Task description —
The answer must be a single number: the count of lines in the data below that hold the word "Golden".

Task data —
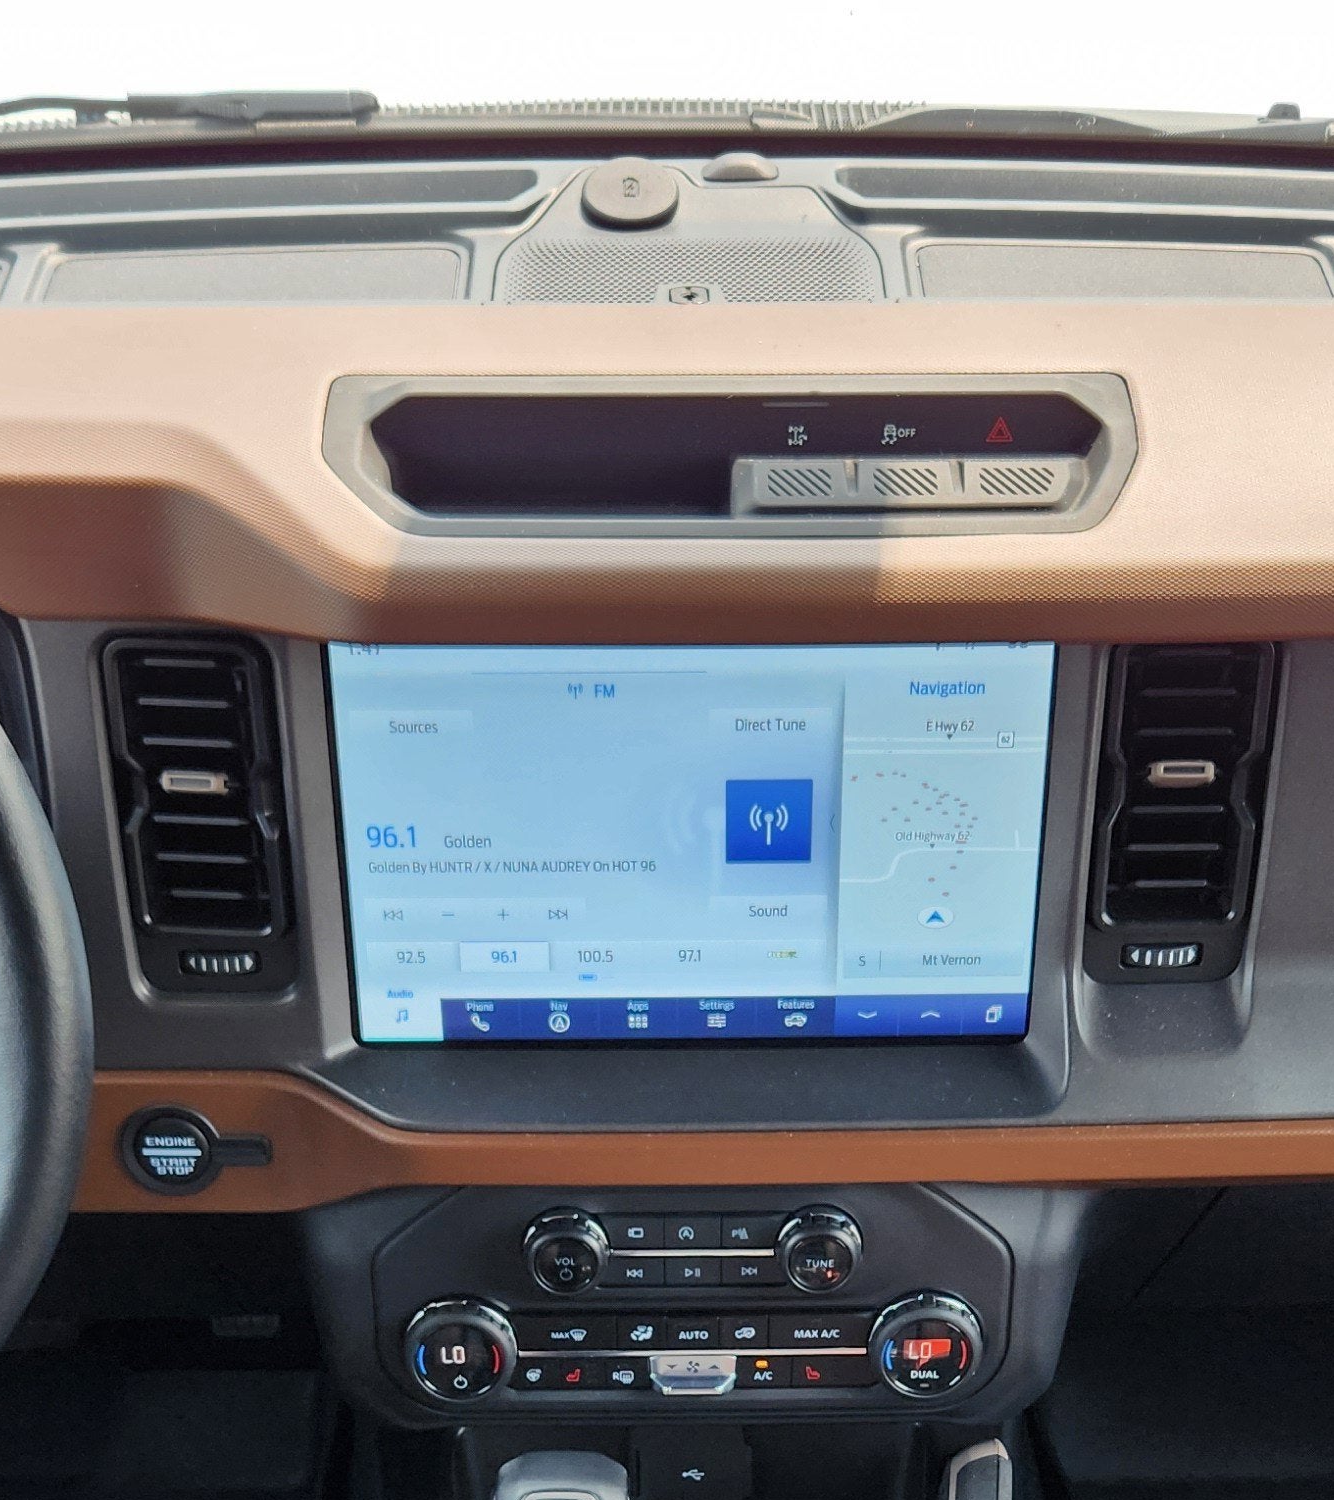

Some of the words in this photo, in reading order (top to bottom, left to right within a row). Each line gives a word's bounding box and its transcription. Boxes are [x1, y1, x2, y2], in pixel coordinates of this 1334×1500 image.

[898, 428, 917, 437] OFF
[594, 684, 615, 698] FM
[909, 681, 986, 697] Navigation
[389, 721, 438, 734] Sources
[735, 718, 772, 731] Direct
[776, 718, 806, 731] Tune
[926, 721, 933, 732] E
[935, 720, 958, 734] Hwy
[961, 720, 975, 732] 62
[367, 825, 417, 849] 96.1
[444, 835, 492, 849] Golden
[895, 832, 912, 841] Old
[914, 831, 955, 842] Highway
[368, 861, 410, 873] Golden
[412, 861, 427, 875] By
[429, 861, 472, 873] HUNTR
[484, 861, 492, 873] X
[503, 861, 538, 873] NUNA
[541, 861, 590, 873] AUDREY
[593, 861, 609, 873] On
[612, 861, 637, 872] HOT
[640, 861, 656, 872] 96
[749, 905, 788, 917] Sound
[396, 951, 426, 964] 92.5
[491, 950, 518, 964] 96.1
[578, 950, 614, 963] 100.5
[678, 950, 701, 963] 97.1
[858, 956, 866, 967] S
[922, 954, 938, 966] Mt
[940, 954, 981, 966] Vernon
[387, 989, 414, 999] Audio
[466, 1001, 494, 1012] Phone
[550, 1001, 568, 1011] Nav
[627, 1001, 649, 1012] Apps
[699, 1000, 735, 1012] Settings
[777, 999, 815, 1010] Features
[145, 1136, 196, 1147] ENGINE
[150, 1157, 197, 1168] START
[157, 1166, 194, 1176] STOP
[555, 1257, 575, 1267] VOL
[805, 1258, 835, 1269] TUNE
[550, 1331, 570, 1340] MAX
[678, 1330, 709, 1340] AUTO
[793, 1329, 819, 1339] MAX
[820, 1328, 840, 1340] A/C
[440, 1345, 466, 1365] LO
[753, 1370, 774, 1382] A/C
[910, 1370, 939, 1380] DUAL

Task result —
2